Records to use →
──────────────────────────────
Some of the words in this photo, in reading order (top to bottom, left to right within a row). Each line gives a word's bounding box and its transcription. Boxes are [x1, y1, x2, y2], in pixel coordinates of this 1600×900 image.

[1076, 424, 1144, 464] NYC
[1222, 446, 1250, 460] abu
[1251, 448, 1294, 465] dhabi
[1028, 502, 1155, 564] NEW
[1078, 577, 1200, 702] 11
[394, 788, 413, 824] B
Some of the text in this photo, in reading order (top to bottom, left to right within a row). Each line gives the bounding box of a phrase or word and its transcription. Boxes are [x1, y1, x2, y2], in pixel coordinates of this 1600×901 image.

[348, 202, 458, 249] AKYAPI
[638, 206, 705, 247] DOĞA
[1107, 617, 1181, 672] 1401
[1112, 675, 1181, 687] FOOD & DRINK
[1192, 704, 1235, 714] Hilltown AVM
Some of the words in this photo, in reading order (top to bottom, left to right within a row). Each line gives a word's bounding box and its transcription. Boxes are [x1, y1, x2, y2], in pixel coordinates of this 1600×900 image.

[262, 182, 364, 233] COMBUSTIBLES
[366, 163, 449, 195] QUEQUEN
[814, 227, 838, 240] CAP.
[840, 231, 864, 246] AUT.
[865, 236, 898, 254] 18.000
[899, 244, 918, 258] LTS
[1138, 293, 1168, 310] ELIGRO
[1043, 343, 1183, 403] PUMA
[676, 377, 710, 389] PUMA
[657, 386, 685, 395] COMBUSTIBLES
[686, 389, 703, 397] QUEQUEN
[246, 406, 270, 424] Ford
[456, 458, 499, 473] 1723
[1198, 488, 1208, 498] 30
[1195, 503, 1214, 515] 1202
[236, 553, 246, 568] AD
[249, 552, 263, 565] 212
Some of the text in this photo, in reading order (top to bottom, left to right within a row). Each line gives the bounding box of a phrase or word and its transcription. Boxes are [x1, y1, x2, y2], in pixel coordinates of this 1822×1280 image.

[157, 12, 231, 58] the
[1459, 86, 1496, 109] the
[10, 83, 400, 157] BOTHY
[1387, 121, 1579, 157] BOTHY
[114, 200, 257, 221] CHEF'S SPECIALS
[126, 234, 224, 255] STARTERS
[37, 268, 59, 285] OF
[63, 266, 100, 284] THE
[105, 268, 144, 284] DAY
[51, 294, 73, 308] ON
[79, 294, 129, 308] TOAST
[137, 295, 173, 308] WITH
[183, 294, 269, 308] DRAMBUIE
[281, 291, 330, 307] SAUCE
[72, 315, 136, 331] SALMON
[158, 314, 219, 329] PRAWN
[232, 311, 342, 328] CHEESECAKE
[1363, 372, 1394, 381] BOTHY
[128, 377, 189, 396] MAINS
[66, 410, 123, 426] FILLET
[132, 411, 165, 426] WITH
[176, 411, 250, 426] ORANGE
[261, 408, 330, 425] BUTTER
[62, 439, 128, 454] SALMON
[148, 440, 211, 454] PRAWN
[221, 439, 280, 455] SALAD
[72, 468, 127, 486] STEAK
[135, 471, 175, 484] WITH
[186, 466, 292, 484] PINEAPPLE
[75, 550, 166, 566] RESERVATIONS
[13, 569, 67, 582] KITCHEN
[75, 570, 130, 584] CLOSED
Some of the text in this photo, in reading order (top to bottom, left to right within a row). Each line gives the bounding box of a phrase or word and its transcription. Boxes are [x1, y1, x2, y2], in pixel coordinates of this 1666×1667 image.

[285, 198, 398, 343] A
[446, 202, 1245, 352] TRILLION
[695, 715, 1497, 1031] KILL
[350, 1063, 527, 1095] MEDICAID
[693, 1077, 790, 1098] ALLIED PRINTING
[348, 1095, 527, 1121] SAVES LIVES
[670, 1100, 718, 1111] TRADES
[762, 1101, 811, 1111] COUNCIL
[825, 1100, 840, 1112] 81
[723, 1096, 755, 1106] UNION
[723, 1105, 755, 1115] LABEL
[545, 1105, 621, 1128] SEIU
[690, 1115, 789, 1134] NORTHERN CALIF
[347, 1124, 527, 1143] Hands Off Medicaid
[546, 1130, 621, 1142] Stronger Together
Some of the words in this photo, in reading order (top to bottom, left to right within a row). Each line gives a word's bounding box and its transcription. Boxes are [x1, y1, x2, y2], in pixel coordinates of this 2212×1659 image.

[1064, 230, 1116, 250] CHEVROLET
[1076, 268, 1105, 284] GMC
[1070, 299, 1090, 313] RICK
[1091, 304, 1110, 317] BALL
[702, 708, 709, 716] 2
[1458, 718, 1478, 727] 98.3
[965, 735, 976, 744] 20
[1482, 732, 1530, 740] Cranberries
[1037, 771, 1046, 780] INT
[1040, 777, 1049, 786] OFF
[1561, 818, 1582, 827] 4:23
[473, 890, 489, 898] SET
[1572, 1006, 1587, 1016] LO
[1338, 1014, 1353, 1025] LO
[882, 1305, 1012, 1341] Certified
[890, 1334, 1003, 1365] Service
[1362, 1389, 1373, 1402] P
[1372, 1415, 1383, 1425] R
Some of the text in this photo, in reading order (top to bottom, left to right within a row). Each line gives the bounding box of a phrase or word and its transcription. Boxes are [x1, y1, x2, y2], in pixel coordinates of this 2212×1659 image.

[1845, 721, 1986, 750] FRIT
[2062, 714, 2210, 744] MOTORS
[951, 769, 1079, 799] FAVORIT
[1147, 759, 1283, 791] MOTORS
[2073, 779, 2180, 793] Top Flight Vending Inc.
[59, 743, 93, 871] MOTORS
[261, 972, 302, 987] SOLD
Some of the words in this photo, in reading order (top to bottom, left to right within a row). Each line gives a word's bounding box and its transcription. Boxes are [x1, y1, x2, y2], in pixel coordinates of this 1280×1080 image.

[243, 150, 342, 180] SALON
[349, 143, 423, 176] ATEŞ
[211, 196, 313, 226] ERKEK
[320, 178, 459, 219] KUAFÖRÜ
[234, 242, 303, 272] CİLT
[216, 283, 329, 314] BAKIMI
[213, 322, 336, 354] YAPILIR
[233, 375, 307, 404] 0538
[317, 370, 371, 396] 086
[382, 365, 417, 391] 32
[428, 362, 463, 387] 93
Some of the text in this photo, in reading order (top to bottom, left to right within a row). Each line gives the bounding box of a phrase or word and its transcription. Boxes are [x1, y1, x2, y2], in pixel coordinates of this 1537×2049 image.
──────────────────────────────
What to work on → An exact copy of every record is needed, so retype them all.

Exercise answer →
Some of the words in this photo, in reading order (top to bottom, left to right within a row). Each line gives a word's bounding box and its transcription. Boxes are [x1, y1, x2, y2], in pixel coordinates of this 1600×900 image.

[1076, 424, 1144, 464] NYC
[1222, 446, 1250, 460] abu
[1251, 448, 1294, 465] dhabi
[1028, 502, 1155, 564] NEW
[1078, 577, 1200, 702] 11
[394, 788, 413, 824] B
Some of the text in this photo, in reading order (top to bottom, left to right within a row). Each line gives the bounding box of a phrase or word and its transcription. Boxes are [x1, y1, x2, y2], in pixel coordinates of this 1600×901 image.

[348, 202, 458, 249] AKYAPI
[638, 206, 705, 247] DOĞA
[1107, 617, 1181, 672] 1401
[1112, 675, 1181, 687] FOOD & DRINK
[1192, 704, 1235, 714] Hilltown AVM
Some of the words in this photo, in reading order (top to bottom, left to right within a row). Each line gives a word's bounding box and its transcription. Boxes are [x1, y1, x2, y2], in pixel coordinates of this 1600×900 image.

[262, 182, 364, 233] COMBUSTIBLES
[366, 163, 449, 195] QUEQUEN
[814, 227, 838, 240] CAP.
[840, 231, 864, 246] AUT.
[865, 236, 898, 254] 18.000
[899, 244, 918, 258] LTS
[1138, 293, 1168, 310] ELIGRO
[1043, 343, 1183, 403] PUMA
[676, 377, 710, 389] PUMA
[657, 386, 685, 395] COMBUSTIBLES
[686, 389, 703, 397] QUEQUEN
[246, 406, 270, 424] Ford
[456, 458, 499, 473] 1723
[1198, 488, 1208, 498] 30
[1195, 503, 1214, 515] 1202
[236, 553, 246, 568] AD
[249, 552, 263, 565] 212
Some of the text in this photo, in reading order (top to bottom, left to right within a row). Each line gives the bounding box of a phrase or word and its transcription. Boxes are [x1, y1, x2, y2], in pixel coordinates of this 1822×1280 image.

[157, 12, 231, 58] the
[1459, 86, 1496, 109] the
[10, 83, 400, 157] BOTHY
[1387, 121, 1579, 157] BOTHY
[114, 200, 257, 221] CHEF'S SPECIALS
[126, 234, 224, 255] STARTERS
[37, 268, 59, 285] OF
[63, 266, 100, 284] THE
[105, 268, 144, 284] DAY
[51, 294, 73, 308] ON
[79, 294, 129, 308] TOAST
[137, 295, 173, 308] WITH
[183, 294, 269, 308] DRAMBUIE
[281, 291, 330, 307] SAUCE
[72, 315, 136, 331] SALMON
[158, 314, 219, 329] PRAWN
[232, 311, 342, 328] CHEESECAKE
[1363, 372, 1394, 381] BOTHY
[128, 377, 189, 396] MAINS
[66, 410, 123, 426] FILLET
[132, 411, 165, 426] WITH
[176, 411, 250, 426] ORANGE
[261, 408, 330, 425] BUTTER
[62, 439, 128, 454] SALMON
[148, 440, 211, 454] PRAWN
[221, 439, 280, 455] SALAD
[72, 468, 127, 486] STEAK
[135, 471, 175, 484] WITH
[186, 466, 292, 484] PINEAPPLE
[75, 550, 166, 566] RESERVATIONS
[13, 569, 67, 582] KITCHEN
[75, 570, 130, 584] CLOSED
Some of the text in this photo, in reading order (top to bottom, left to right within a row). Each line gives the bounding box of a phrase or word and its transcription. Boxes are [x1, y1, x2, y2], in pixel coordinates of this 1666×1667 image.

[285, 198, 398, 343] A
[446, 202, 1245, 352] TRILLION
[695, 715, 1497, 1031] KILL
[350, 1063, 527, 1095] MEDICAID
[693, 1077, 790, 1098] ALLIED PRINTING
[348, 1095, 527, 1121] SAVES LIVES
[670, 1100, 718, 1111] TRADES
[762, 1101, 811, 1111] COUNCIL
[825, 1100, 840, 1112] 81
[723, 1096, 755, 1106] UNION
[723, 1105, 755, 1115] LABEL
[545, 1105, 621, 1128] SEIU
[690, 1115, 789, 1134] NORTHERN CALIF
[347, 1124, 527, 1143] Hands Off Medicaid
[546, 1130, 621, 1142] Stronger Together
Some of the words in this photo, in reading order (top to bottom, left to right within a row). Each line gives a word's bounding box and its transcription. Boxes are [x1, y1, x2, y2], in pixel coordinates of this 2212×1659 image.

[1064, 230, 1116, 250] CHEVROLET
[1076, 268, 1105, 284] GMC
[1070, 299, 1090, 313] RICK
[1091, 304, 1110, 317] BALL
[702, 708, 709, 716] 2
[1458, 718, 1478, 727] 98.3
[965, 735, 976, 744] 20
[1482, 732, 1530, 740] Cranberries
[1037, 771, 1046, 780] INT
[1040, 777, 1049, 786] OFF
[1561, 818, 1582, 827] 4:23
[473, 890, 489, 898] SET
[1572, 1006, 1587, 1016] LO
[1338, 1014, 1353, 1025] LO
[882, 1305, 1012, 1341] Certified
[890, 1334, 1003, 1365] Service
[1362, 1389, 1373, 1402] P
[1372, 1415, 1383, 1425] R
Some of the text in this photo, in reading order (top to bottom, left to right within a row). Each line gives the bounding box of a phrase or word and its transcription. Boxes are [x1, y1, x2, y2], in pixel coordinates of this 2212×1659 image.

[1845, 721, 1986, 750] FRIT
[2062, 714, 2210, 744] MOTORS
[951, 769, 1079, 799] FAVORIT
[1147, 759, 1283, 791] MOTORS
[2073, 779, 2180, 793] Top Flight Vending Inc.
[59, 743, 93, 871] MOTORS
[261, 972, 302, 987] SOLD
Some of the words in this photo, in reading order (top to bottom, left to right within a row). Each line gives a word's bounding box and its transcription. Boxes are [x1, y1, x2, y2], in pixel coordinates of this 1280×1080 image.

[243, 150, 342, 180] SALON
[349, 143, 423, 176] ATEŞ
[211, 196, 313, 226] ERKEK
[320, 178, 459, 219] KUAFÖRÜ
[234, 242, 303, 272] CİLT
[216, 283, 329, 314] BAKIMI
[213, 322, 336, 354] YAPILIR
[233, 375, 307, 404] 0538
[317, 370, 371, 396] 086
[382, 365, 417, 391] 32
[428, 362, 463, 387] 93
Some of the text in this photo, in reading order (top to bottom, left to right within a row). Each line gives the bounding box of a phrase or word and its transcription. Boxes are [x1, y1, x2, y2], in pixel coordinates of this 1537×2049 image.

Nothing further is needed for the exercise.